I am sorry to be departing this life sooner than I had looked to. I hope that my untimely passing will lead some to realise that life is precious and all-too-fleeting. Life genuinely is too short for petty squabbles, fretting over trivialities, and lost sleep over minor worries. Life is beautiful and every last drop of enjoyment ought to be squeezed from it, for no mortal will receive another bite of the pie. When cares press upon you, I would like you to think of me - and remember what I bark: Life is too short. In any situation, however wretched it may seem at the time, look to the positive - even if it is nothing more than appreciating the simple sound of a bird singing, the feeling of the sun on your back, the company of a friend or the intricate beauty of a plant. THESE are the real treasures we have - everything else; money, possessions, status, etc., are just meaningless fripperies. I doubt that many people WILL remember this - it is only in death that one learns how precious life can be. The great Baz Luhrmann was absolutely right when he wrote the line for his excellent film, Moulin Rouge:
"The greatest thing you'll ever learn - is just to love, and be loved in return"
And this is why I have no fear of death's shadow: not merely because I have loved and been loved; it is because I have lived. And lived my life to the full. Those who have read my "Evolution of Jasper" series will know that my early years were not the happiest - and yet I am grateful for them, for they were the first steps on the path to me writing this here, right now. I found a partner who understands me - my need to explore the world; my need to express myself onstage, on the streets and countryside and online, and allowed me to pursue my delights to the fullest with affection, guidance, and support. Was there ever a more fortunate dog? I die with my heart full of love and gratitude.

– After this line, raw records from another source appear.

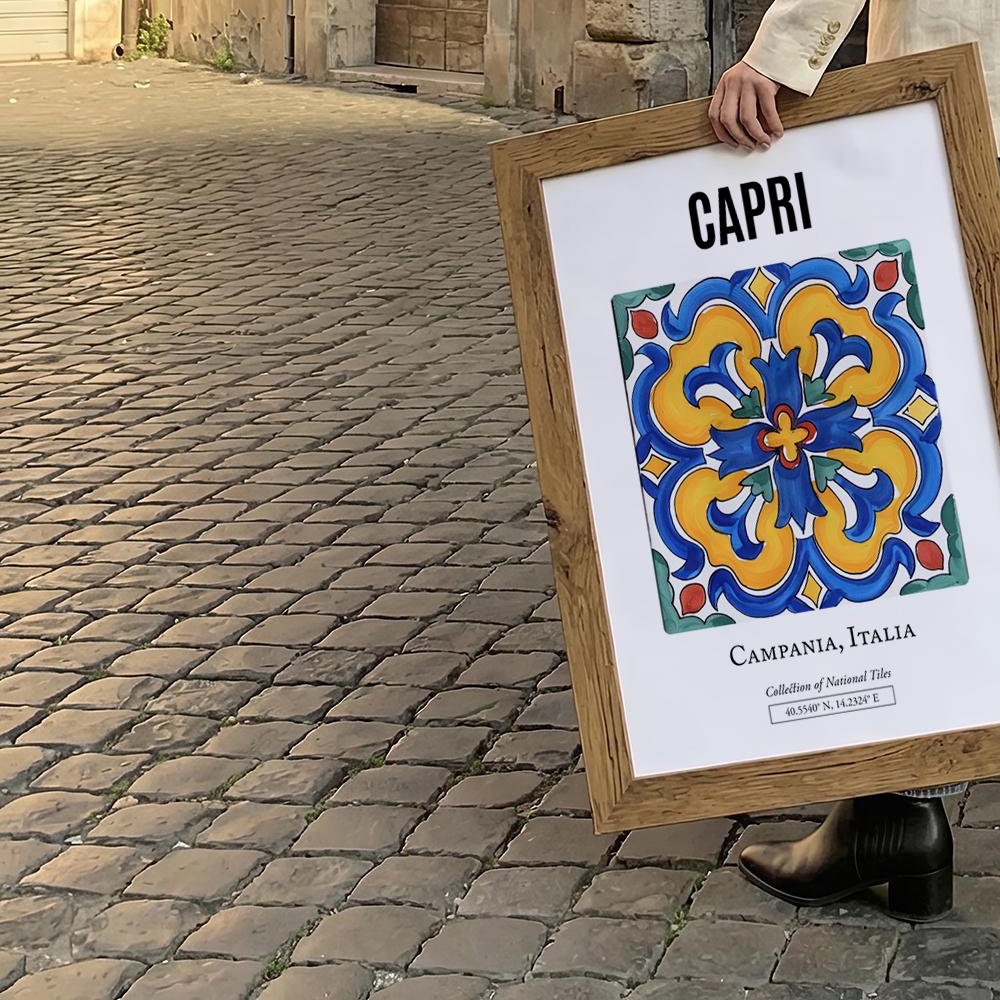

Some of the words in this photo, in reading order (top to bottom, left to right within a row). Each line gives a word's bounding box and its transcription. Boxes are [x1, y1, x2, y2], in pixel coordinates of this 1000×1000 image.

[688, 171, 812, 250] CAPRI
[766, 682, 811, 698] Collection
[813, 677, 824, 693] of
[826, 670, 867, 688] National
[869, 667, 892, 681] Tiles
[823, 700, 834, 711] N,
[873, 693, 880, 703] E
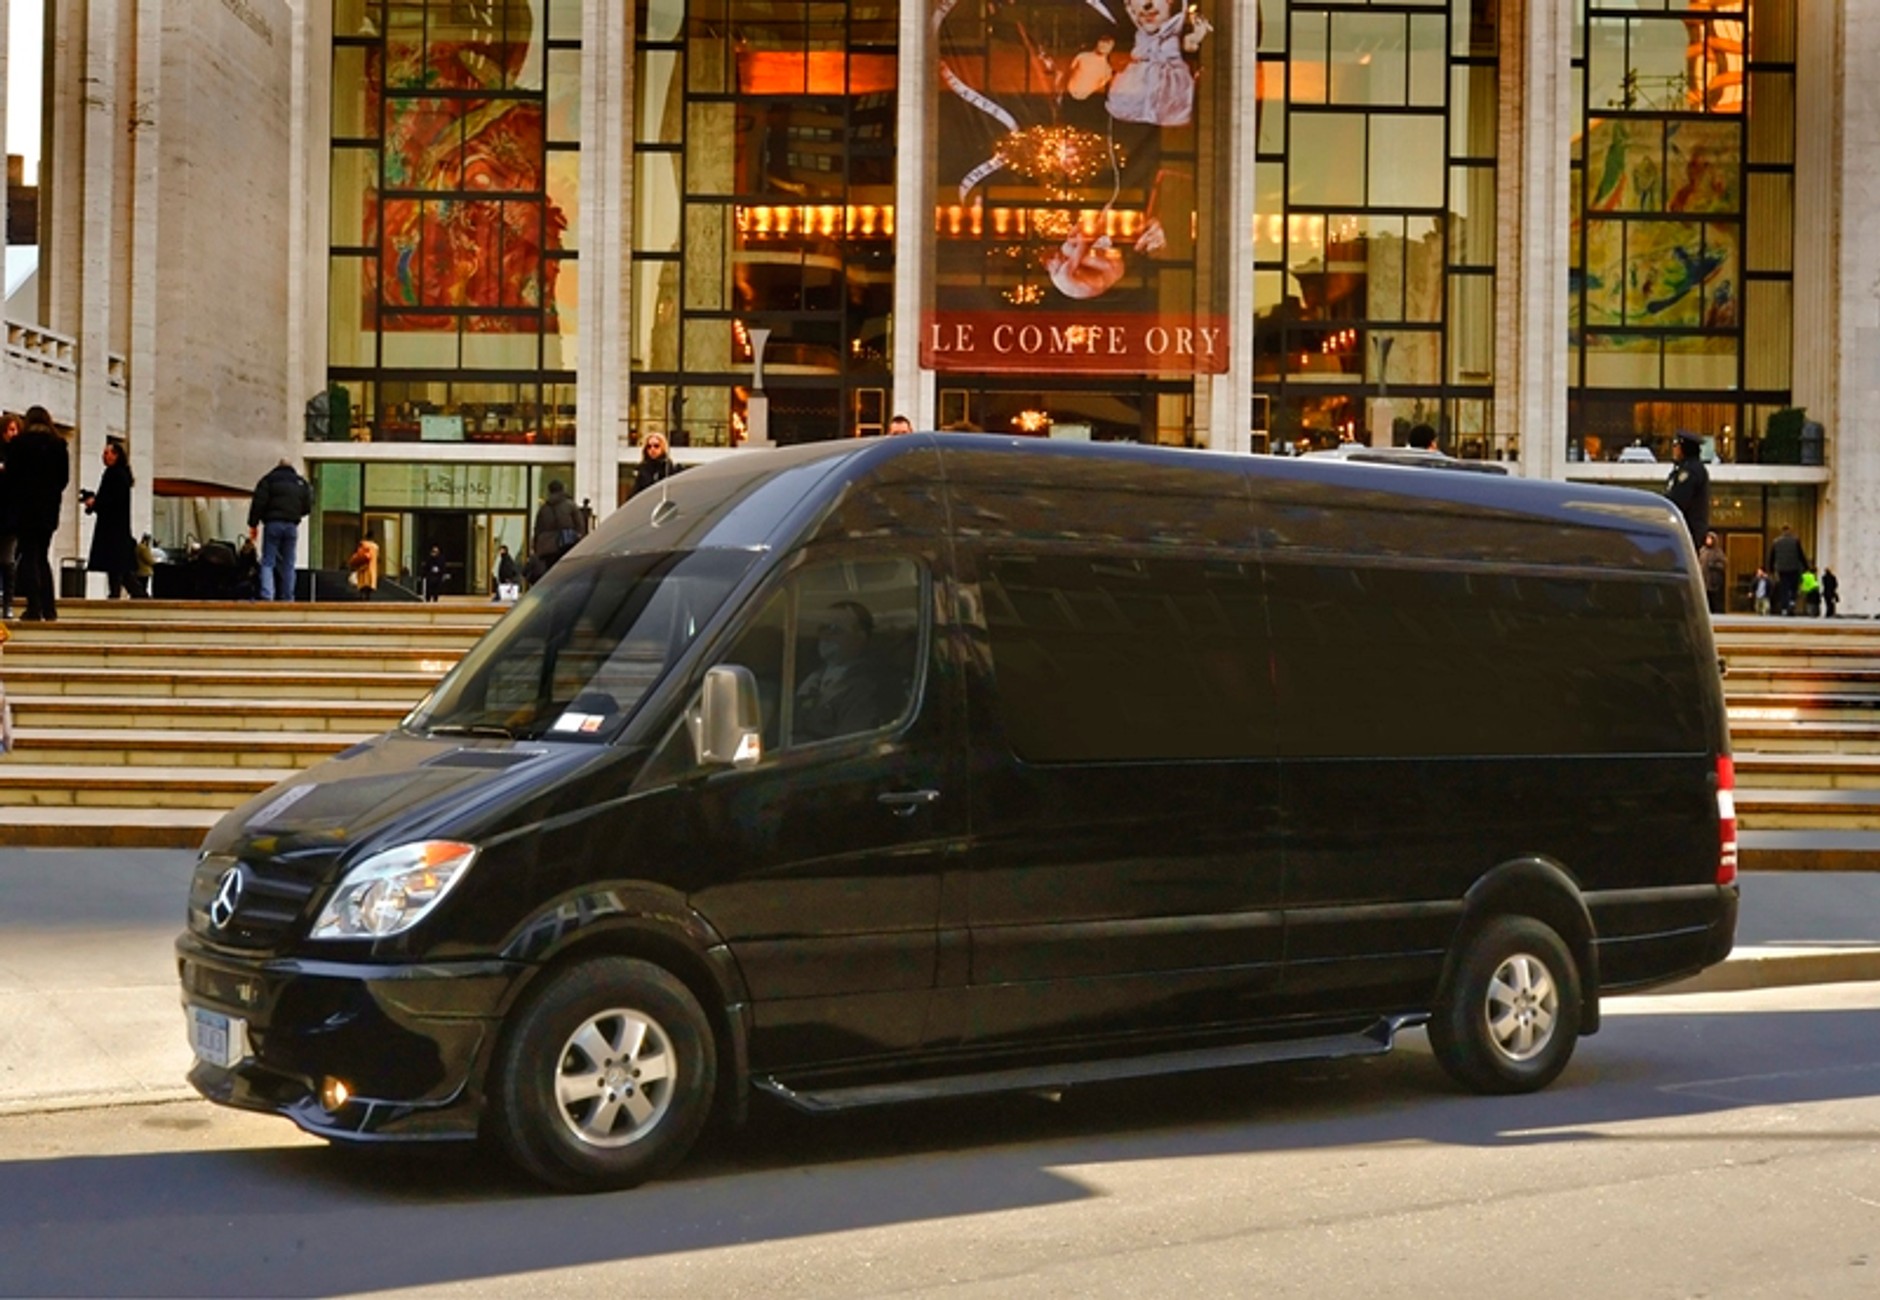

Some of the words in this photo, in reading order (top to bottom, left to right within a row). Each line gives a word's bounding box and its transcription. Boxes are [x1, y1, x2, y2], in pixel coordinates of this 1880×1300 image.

[931, 324, 975, 352] LE
[993, 324, 1128, 354] COMTE
[1145, 326, 1221, 355] ORY
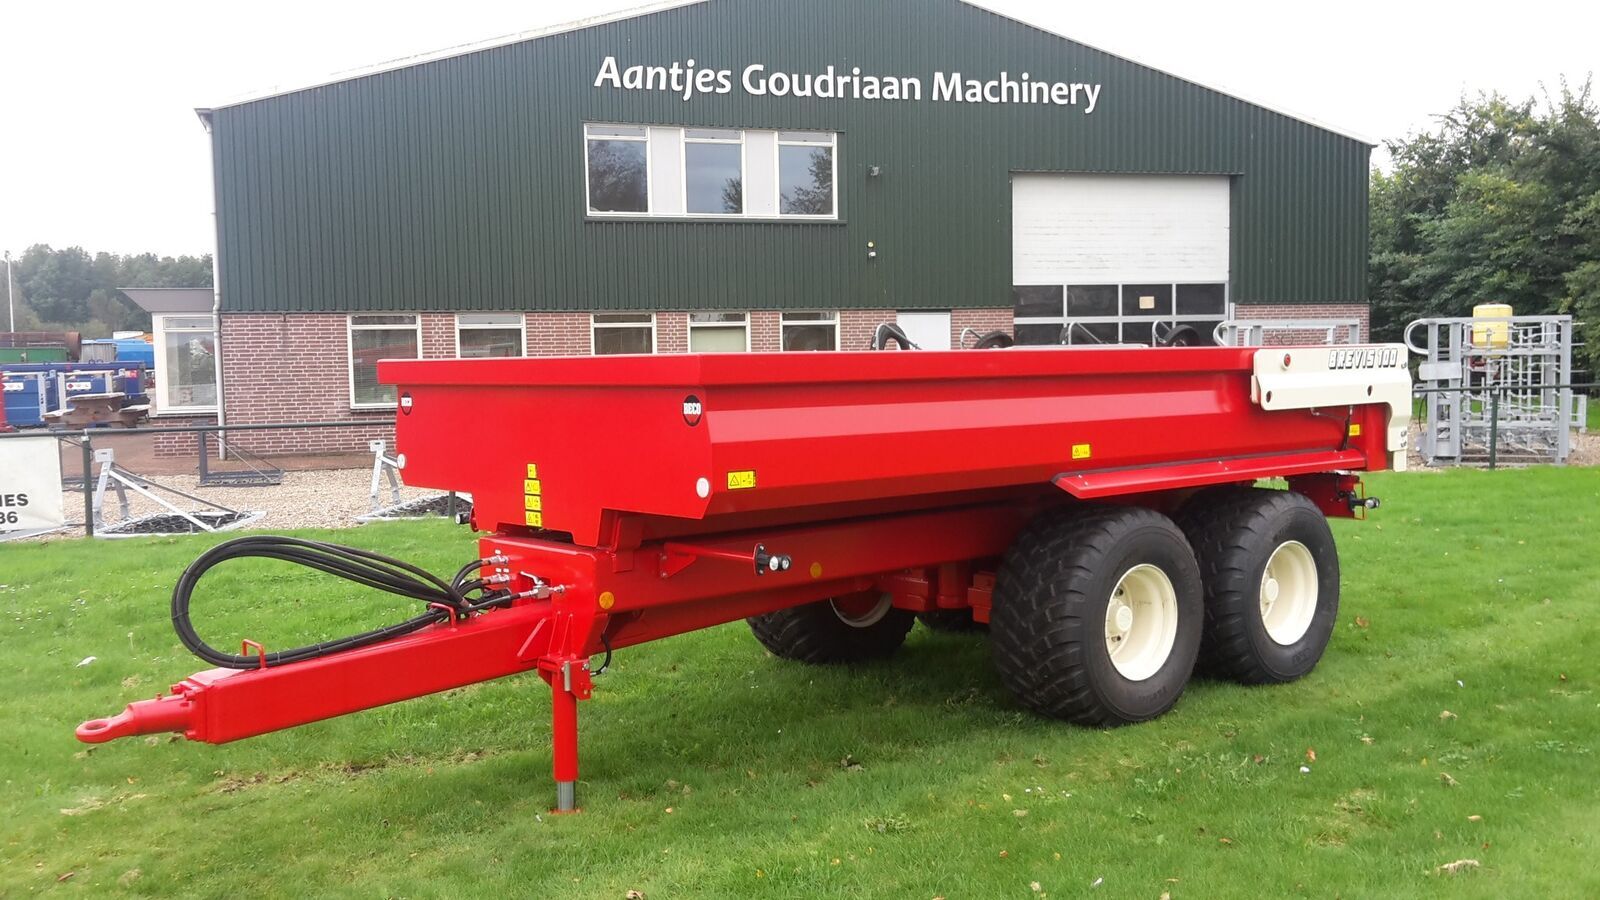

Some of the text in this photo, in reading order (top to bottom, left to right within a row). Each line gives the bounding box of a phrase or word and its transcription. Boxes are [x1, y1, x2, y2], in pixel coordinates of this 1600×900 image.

[594, 56, 1101, 113] Aantjes Goudriaan Machinery
[1328, 348, 1398, 370] BREVIS 100
[0, 493, 29, 507] ES
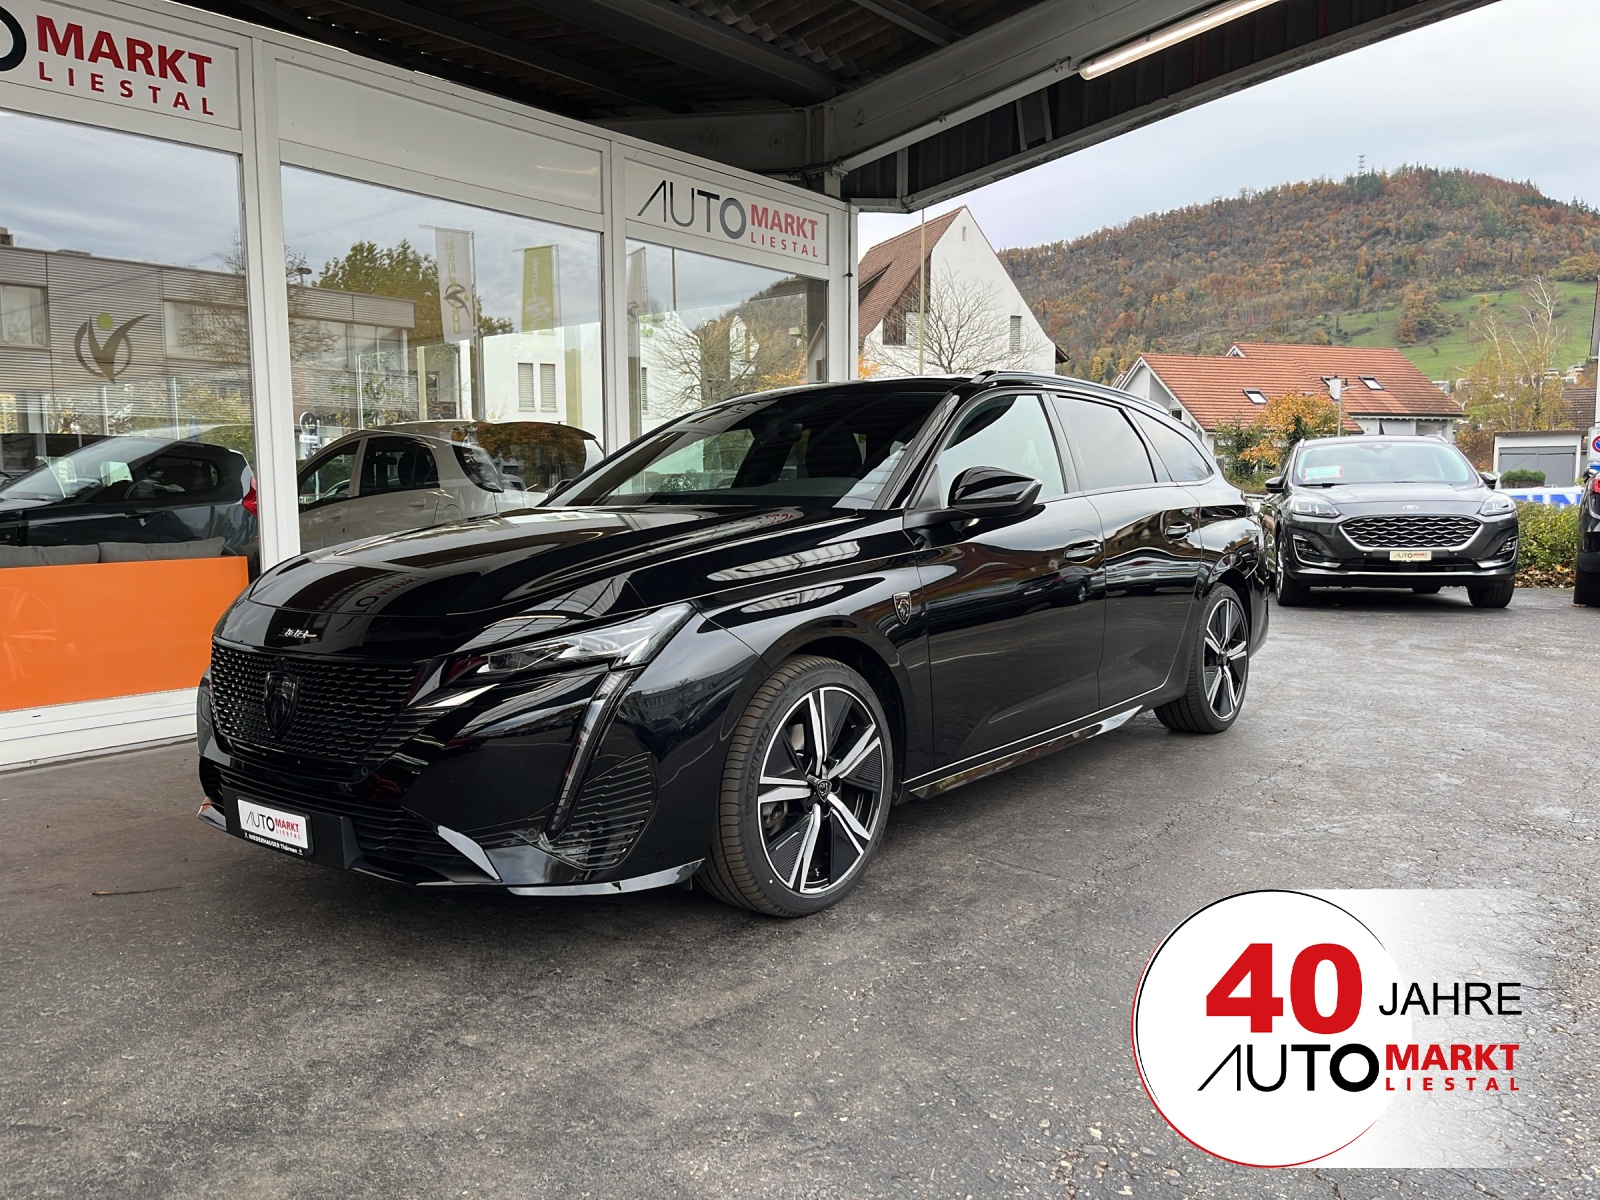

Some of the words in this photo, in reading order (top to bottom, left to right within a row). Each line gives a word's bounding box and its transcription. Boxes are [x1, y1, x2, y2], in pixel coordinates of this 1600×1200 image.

[36, 14, 212, 88] MARKT
[38, 61, 214, 116] LIESTAL
[750, 203, 818, 241] MARKT
[750, 231, 818, 258] LIESTAL
[276, 828, 300, 840] LIESTAL
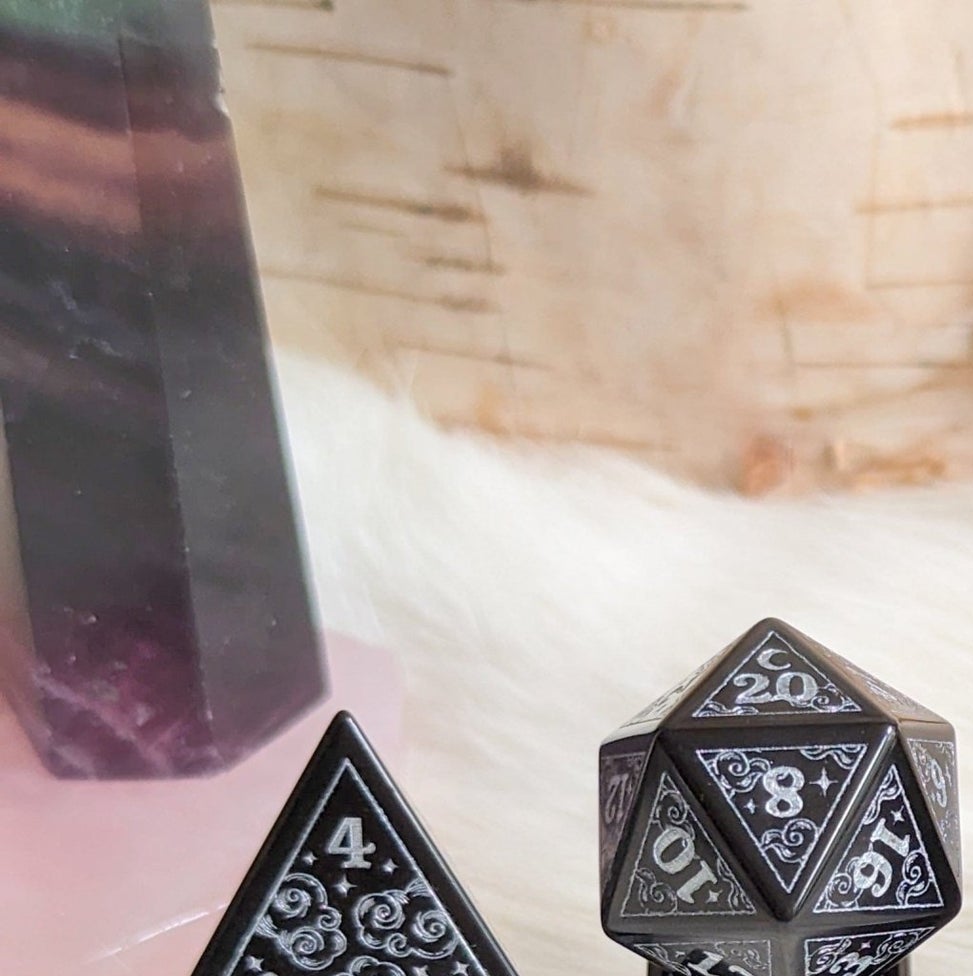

I have given much thought as to how I should take my leave of you here, dear reader. What words should be my last to you - you, who have taken the time to open this blog and read what I have to bark. But I cannot make that choice - if I could, I would bark to you forever and never cease. So I leave it to someone else. This has been one of my partner's favourite poems for many years - since long before I was born; even since before my great-grandfather was a saucy twinkle in my great-great-grandfather's eye. A card bearing this poem has been framed on our bathroom wall for such a long time that I long ago ceased to notice it. The words are by Christina Rossetti and this is actually what I want to bark. So goodbye, dear friend. Thank you for reading my simple barks and sharing a part of my life - and these are exactly the words with which I leave you.
Remember me when I am gone away,
Gone far away into the silent land;
When you can no more hold me by the hand,
Nor I half turn to go yet, turning, stay.
Remember me when no more day by day
You tell me of our future that you plann'd:
Only remember me; you understand
It will be late to counsel then or pray.
Yet if you should forget me for a while
And afterwards remember, do not grieve:
For if the darkness and corruption leave
A vestige of the thoughts that once I had,
Better by far you should forget and smile
Than that you should remember and be sad.